------ MATERIAL SUPPLIED

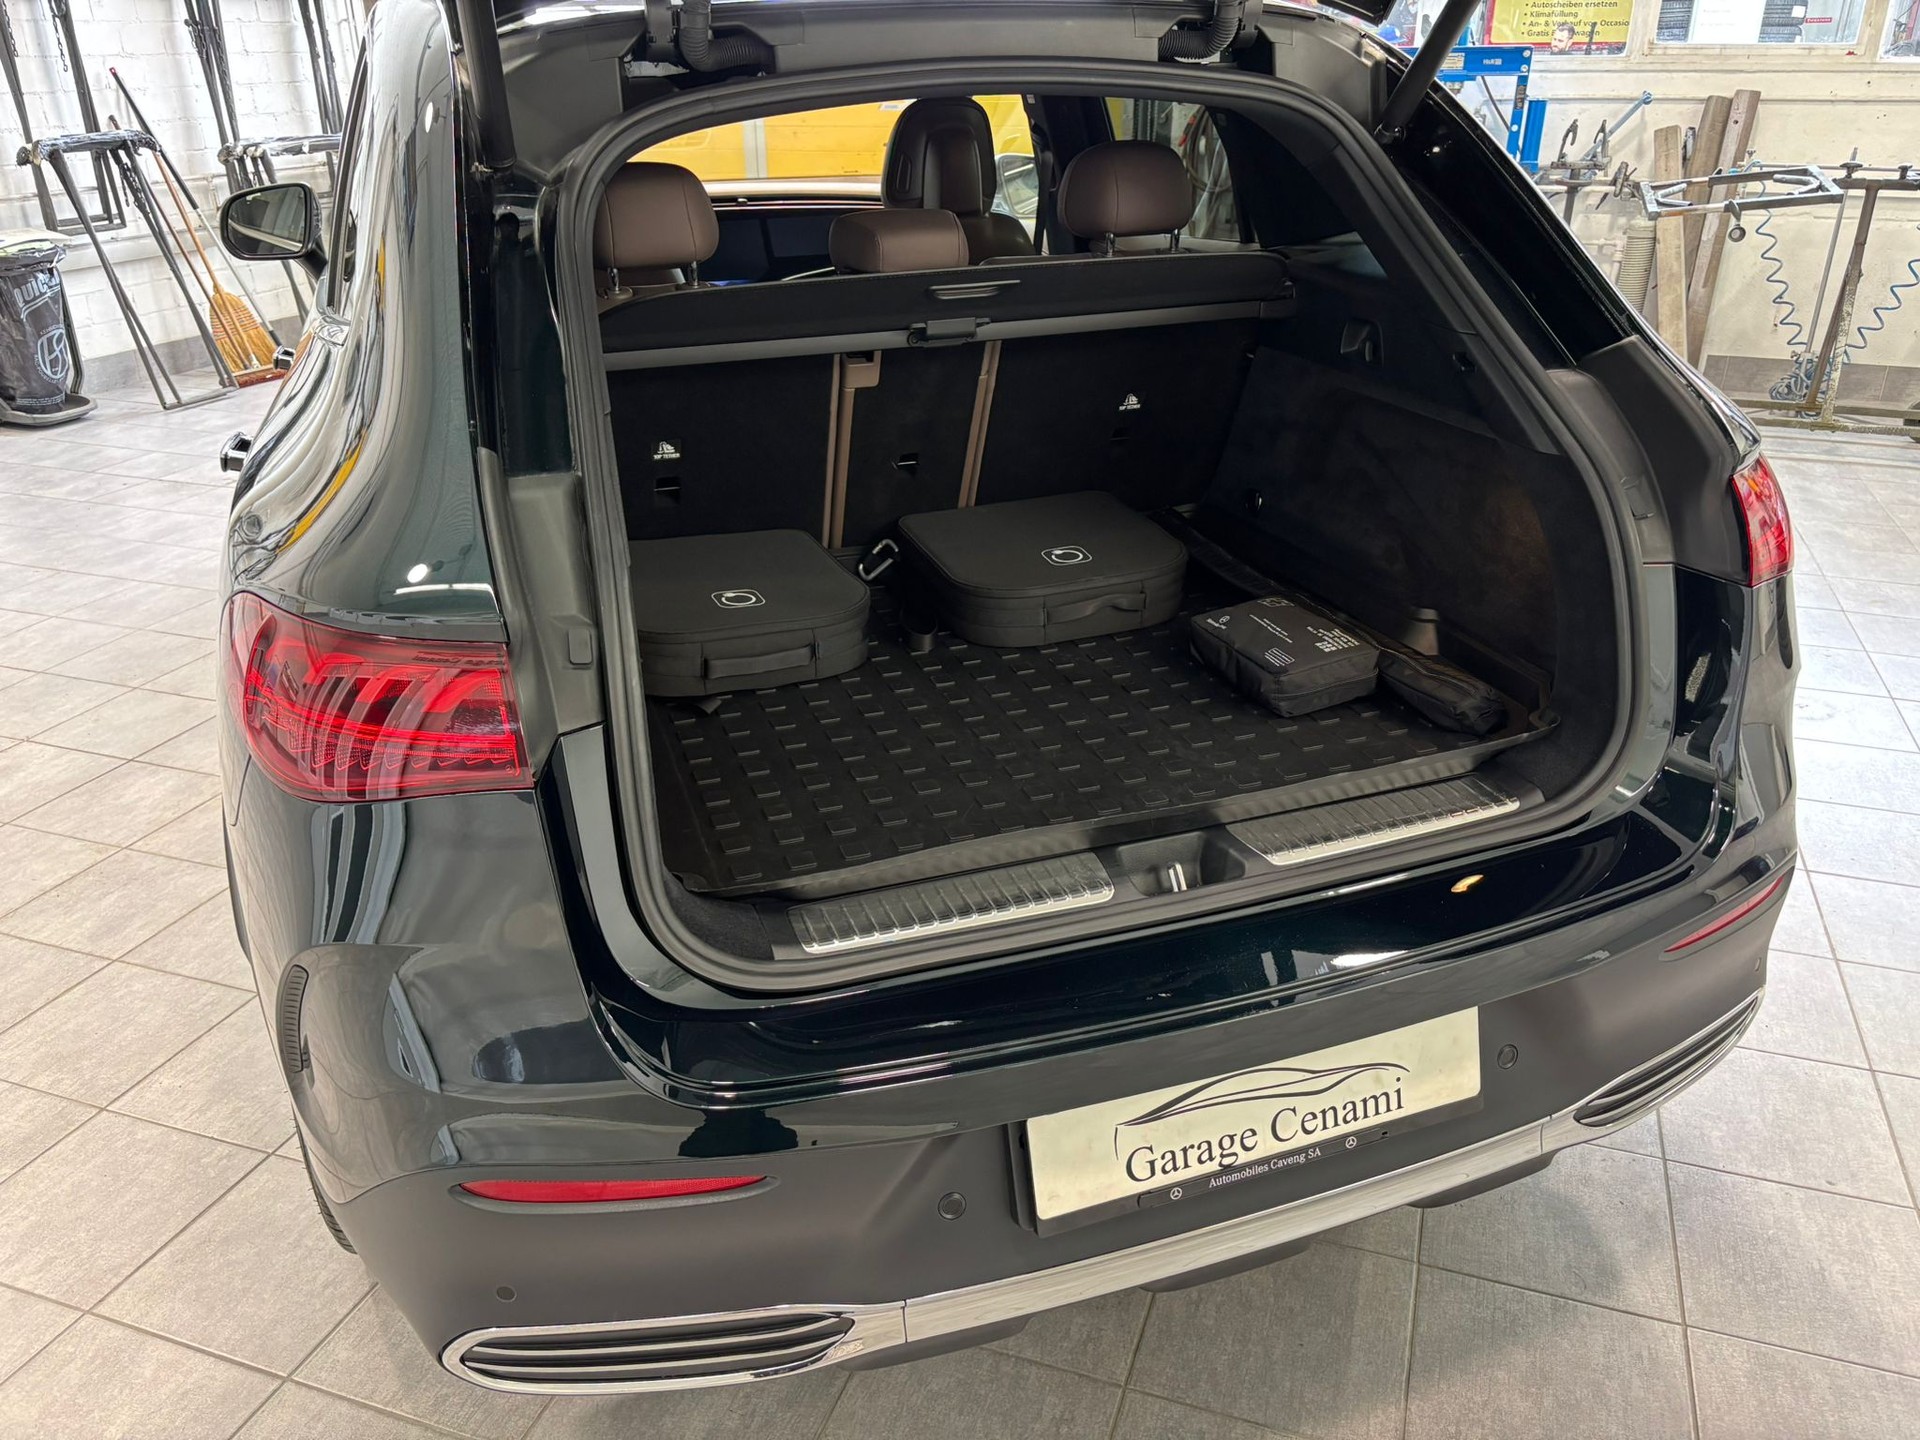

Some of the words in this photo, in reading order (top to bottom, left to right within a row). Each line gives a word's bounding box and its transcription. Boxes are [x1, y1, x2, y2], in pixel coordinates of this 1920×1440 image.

[1529, 10, 1579, 18] Klimafüllung
[1527, 29, 1550, 37] Gratis
[1125, 1127, 1259, 1183] Garage
[1270, 1076, 1405, 1143] Cenami
[1208, 1162, 1269, 1189] Automobiles
[1270, 1152, 1306, 1170] Caveng
[1307, 1147, 1322, 1159] SA
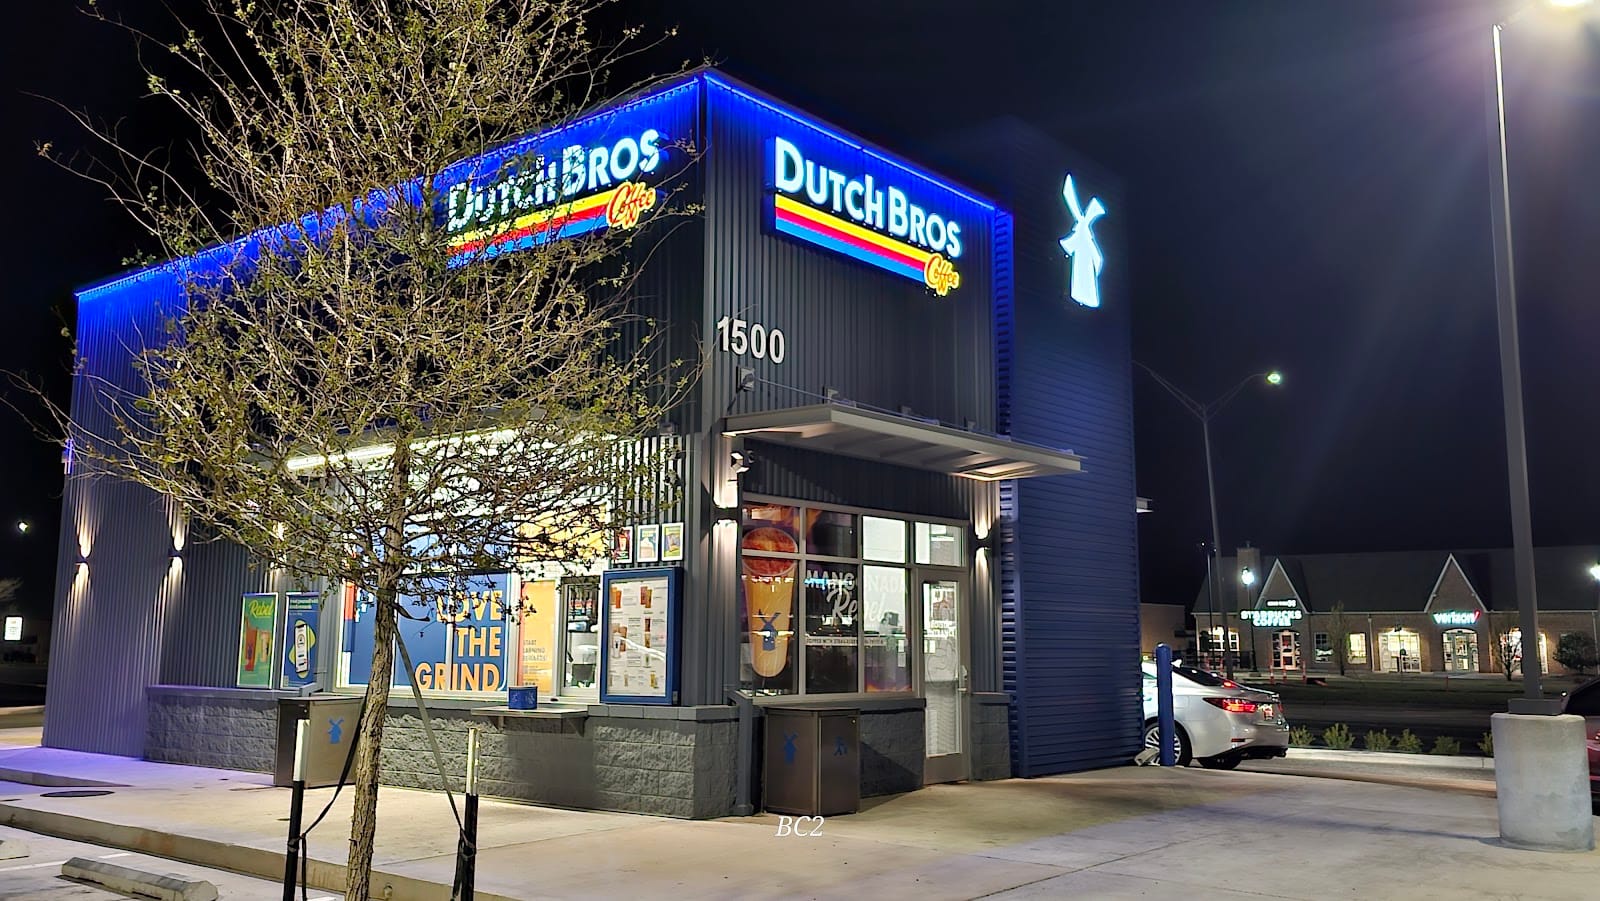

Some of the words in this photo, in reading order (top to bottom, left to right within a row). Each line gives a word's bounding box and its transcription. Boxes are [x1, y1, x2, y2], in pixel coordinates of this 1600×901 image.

[447, 154, 556, 232] DUTCH
[562, 129, 661, 196] BROS
[775, 136, 884, 229] DUTCH
[888, 185, 962, 258] BROS
[608, 183, 655, 227] Coffee
[926, 255, 959, 293] Coffee
[717, 315, 785, 364] 1500
[436, 589, 502, 622] LOVE
[1240, 610, 1302, 620] STARBUCKS
[1433, 611, 1478, 624] verizon
[1252, 618, 1292, 627] COFFEE
[456, 626, 501, 657] THE
[415, 662, 500, 692] GRIND

------------

» WORK ORDER
Every entry is to be reproduced word for word, and no image is carried over.

» ANSWER
Some of the words in this photo, in reading order (top to bottom, left to right within a row). Each line gives a word's bounding box and its transcription. Boxes are [x1, y1, x2, y2], in pixel coordinates of this 1920×1440 image.

[1529, 10, 1579, 18] Klimafüllung
[1527, 29, 1550, 37] Gratis
[1125, 1127, 1259, 1183] Garage
[1270, 1076, 1405, 1143] Cenami
[1208, 1162, 1269, 1189] Automobiles
[1270, 1152, 1306, 1170] Caveng
[1307, 1147, 1322, 1159] SA

Some of the words in this photo, in reading order (top to bottom, left to right within a row). Each line gives a word's bounding box and its transcription. Boxes are [x1, y1, x2, y2], in pixel coordinates of this 1600×901 image.

[447, 154, 556, 232] DUTCH
[562, 129, 661, 196] BROS
[775, 136, 884, 229] DUTCH
[888, 185, 962, 258] BROS
[608, 183, 655, 227] Coffee
[926, 255, 959, 293] Coffee
[717, 315, 785, 364] 1500
[436, 589, 502, 622] LOVE
[1240, 610, 1302, 620] STARBUCKS
[1433, 611, 1478, 624] verizon
[1252, 618, 1292, 627] COFFEE
[456, 626, 501, 657] THE
[415, 662, 500, 692] GRIND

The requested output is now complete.